# GPU temp too high



## bm23 (Apr 2, 2009)

im running a palit 8400gs 512mb. the temperature on idle is around 70. can anyone tell me how i can lower it? or is it normal for this card? thanks


----------



## mtb211 (Apr 2, 2009)

well you could buy something like this if your broke like me
http://www.newegg.com/Product/Product.aspx?Item=N82E16835192007



you can try speedfan here

http://www.almico.com/speedfan.php

honestly.. didnt do shit for me

hope this helps...


----------



## Zatharus (Apr 2, 2009)

bm23 said:


> im running a palit 8400gs 512mb. the temperature on idle is around 70. can anyone tell me how i can lower it? or is it normal for this card? thanks



This is on the high side.  Most of the nVidia cards I have owned rarely get into the 60's Celsius.  You are talking Celsius right?

You can grab RivaTuner and use it to adjust your GPU's fan speed.  Or try SpeedFan as mtb211 suggested.


----------



## kookooshortman55 (Apr 3, 2009)

The size of the fan on the 8400GS is ridiculous.  My friend had one and it used to run 80C.

If your case doesn't allow very good airflow, you could check one of these out.
Exhaust:
http://www.antec.com/Believe_it/product.php?id=ODU=

Intake:
http://www.antec.com/Believe_it/product.php?id=ODQ=


----------



## Kesava (Apr 3, 2009)

When I game my 8800GT goes up to 110*C 

Usually sits on around 70 idle. It has some problem, I was thinking of replacing the heatsink but I don't have enough money and I don't really care about it.

In theory, the card is only in danger at around 120*C or so... but anyway.

I tried cleaning it and reapplying TP and stuff, didn't help. Actually made it worse.


----------



## kookooshortman55 (Apr 3, 2009)

Did you apply it right?  The stock 8800GT cooler sucks.  Look into the VF1000 or DuOrb if you don't mind the noise.  I was lucky enough to find the Akimbo cooler for $30.

Stock: 62C Idle, 80C Max
Akimbo: 54C Idle, 64C Max

It's amazing!  As for the 8400GS, I don't think there's much you can do besides add a slot fan for ventilation or to get a new card.  Those temps are not desirable but not dangerous.


----------



## Kesava (Apr 3, 2009)

I'm pretty sure I applied it right. I mean I have tried twice. The second time I made sure all the ram chips and stuff made contact with the heatsink as well. No luck. It never used to be like this... but now something has changed and no matter what I do I can't make it run cooler. I was gong to get the VF1000, but I don't really care that much anymore. The fan speed is set to auto so I can run games on highest graphics and it will go up to 110*C sometimes but that temp won't fry the card.

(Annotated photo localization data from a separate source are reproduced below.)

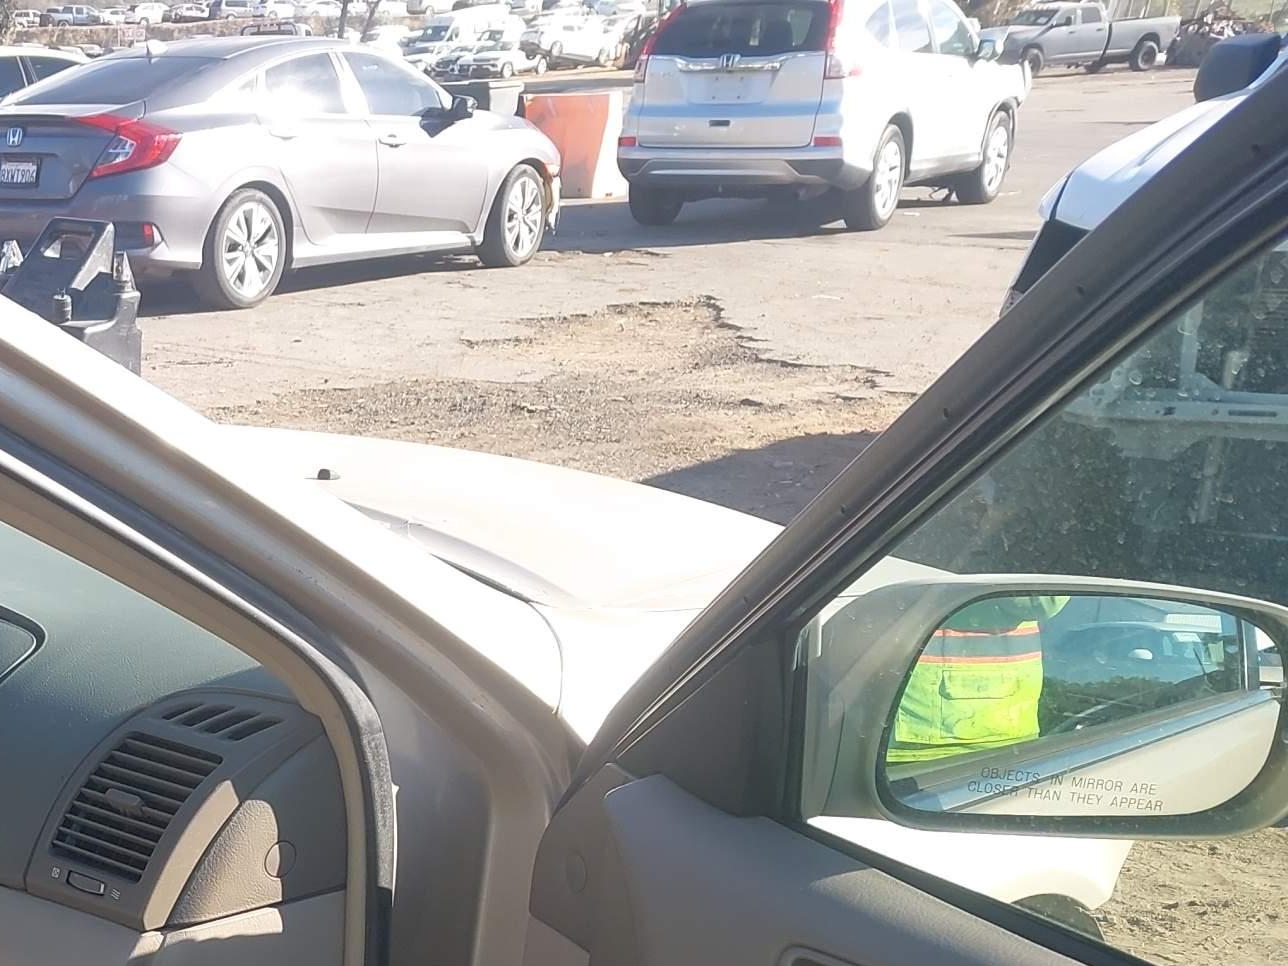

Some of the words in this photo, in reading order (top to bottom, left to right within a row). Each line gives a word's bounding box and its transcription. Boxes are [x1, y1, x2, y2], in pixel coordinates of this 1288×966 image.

[981, 767, 1041, 783] OBJECTS
[1050, 774, 1064, 786] IN
[1071, 776, 1123, 793] MIRROR
[1130, 783, 1159, 796] ARE
[1025, 786, 1062, 801] THAN
[1070, 791, 1103, 806] THEY
[1110, 796, 1164, 812] APPEAR

I would love to have cooler temps but it's not worth my spending money on, especially because where I live right now it would be very hard to get parts like GPU heatsinks.


----------



## bm23 (Apr 3, 2009)

thanks for the replies guys. i will try tuning the fan speed. if that still doesnt work then i'll wait for it to spoil. then i'd give my mom my current 9600gt (the 8400gs is in her com, which my bro uses for less intensive gaming). then i would get for myself a 4850


----------



## kookooshortman55 (Apr 3, 2009)

@ Kesava
Try dusting out the GPU heatsink then, that's the only thing that I think would explain the sudden increase in temps.  And I'm pretty sure 110C is considered hot.  I've heard 90C is bad, and you should get worried around 100C.  Do you have bad airflow around the card?  If you ever get the chance to, I would look between the VF900, VF1000, and DuOrb.  I did quite a bit of research on these coolers before finally finding the Akimbo on eBay.

@bm23
Yeah I don't consider the 8400GS to be considered a gaming video card.  Maybe for streaming YouTube videos at best   I would just wait for it to die too haha


----------



## Kesava (Apr 3, 2009)

I dusted it out both times when I reapplied the TP.

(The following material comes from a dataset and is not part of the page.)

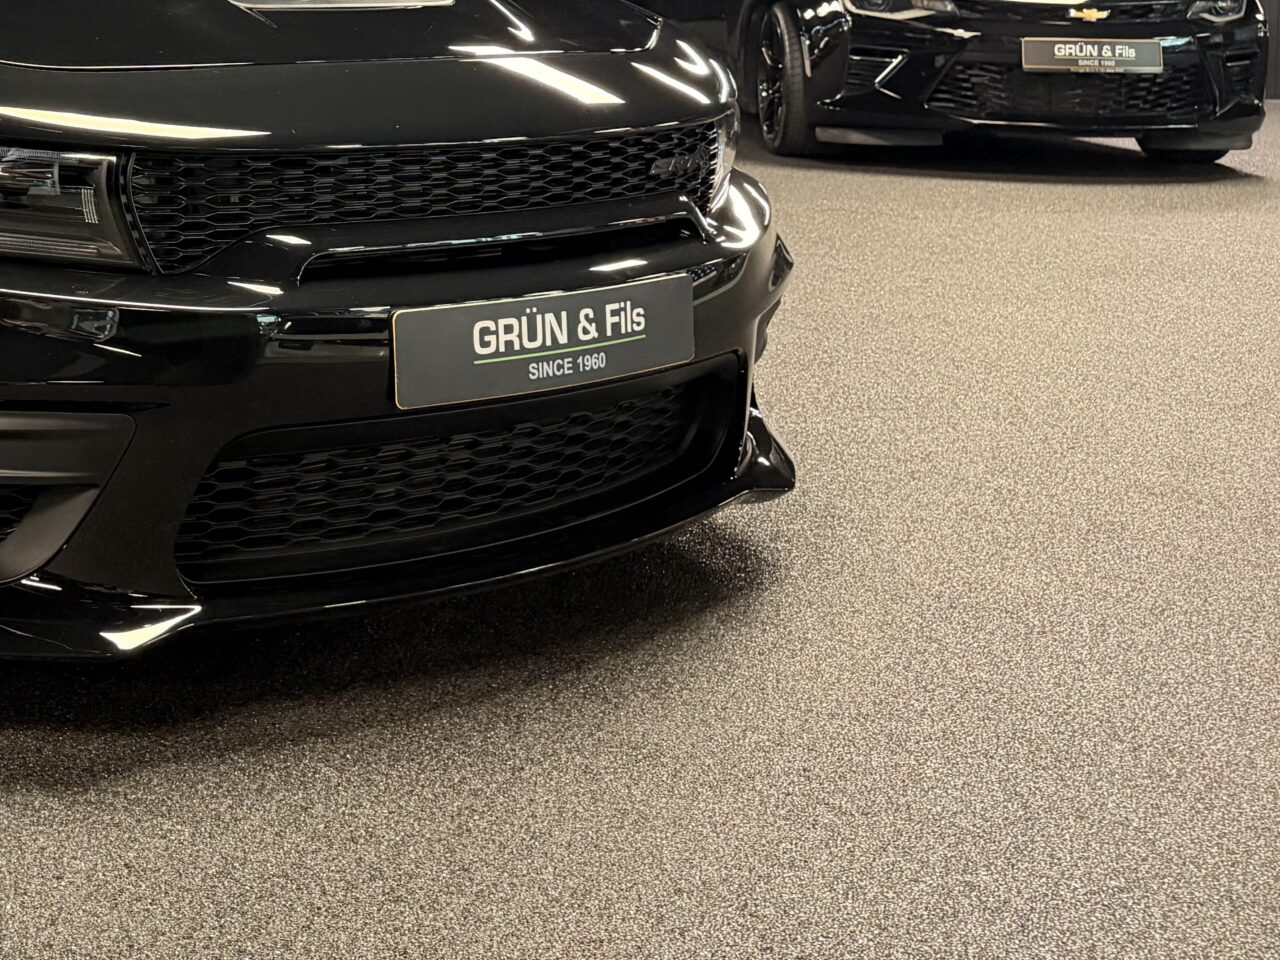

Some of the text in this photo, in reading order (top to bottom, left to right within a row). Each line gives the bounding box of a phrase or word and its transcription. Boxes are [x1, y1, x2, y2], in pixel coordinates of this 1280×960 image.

[1054, 42, 1136, 57] GRÜN & Fils
[472, 300, 646, 355] GRÜN & Fils
[528, 351, 607, 380] SINCE 1960

And yes it is very hot. Most people have very low temps for their gpu. However as far as I know, it isn't in any immediate danger. Usually i'd recommend to people to get an aftermarket heatsink if their gpu was running that hot, but so far I have had no actual problems and I think it needs to be hotter then that before it starts to fry so I don't feel like finding the money to replace the heatsink. It's not really a priority.


----------



## kookooshortman55 (Apr 3, 2009)

Haha that's still insane though, 110C?  What fan speed are you running it at?  Download RivaTuner or EVGA Precision.


----------



## Zatharus (Apr 3, 2009)

kookooshortman55 said:


> Haha that's still insane though, 110C?  What fan speed are you running it at?  Download RivaTuner or EVGA Precision.



Quite! 

GPUs do run fairly hot, but you are looking at some damage to the IC there.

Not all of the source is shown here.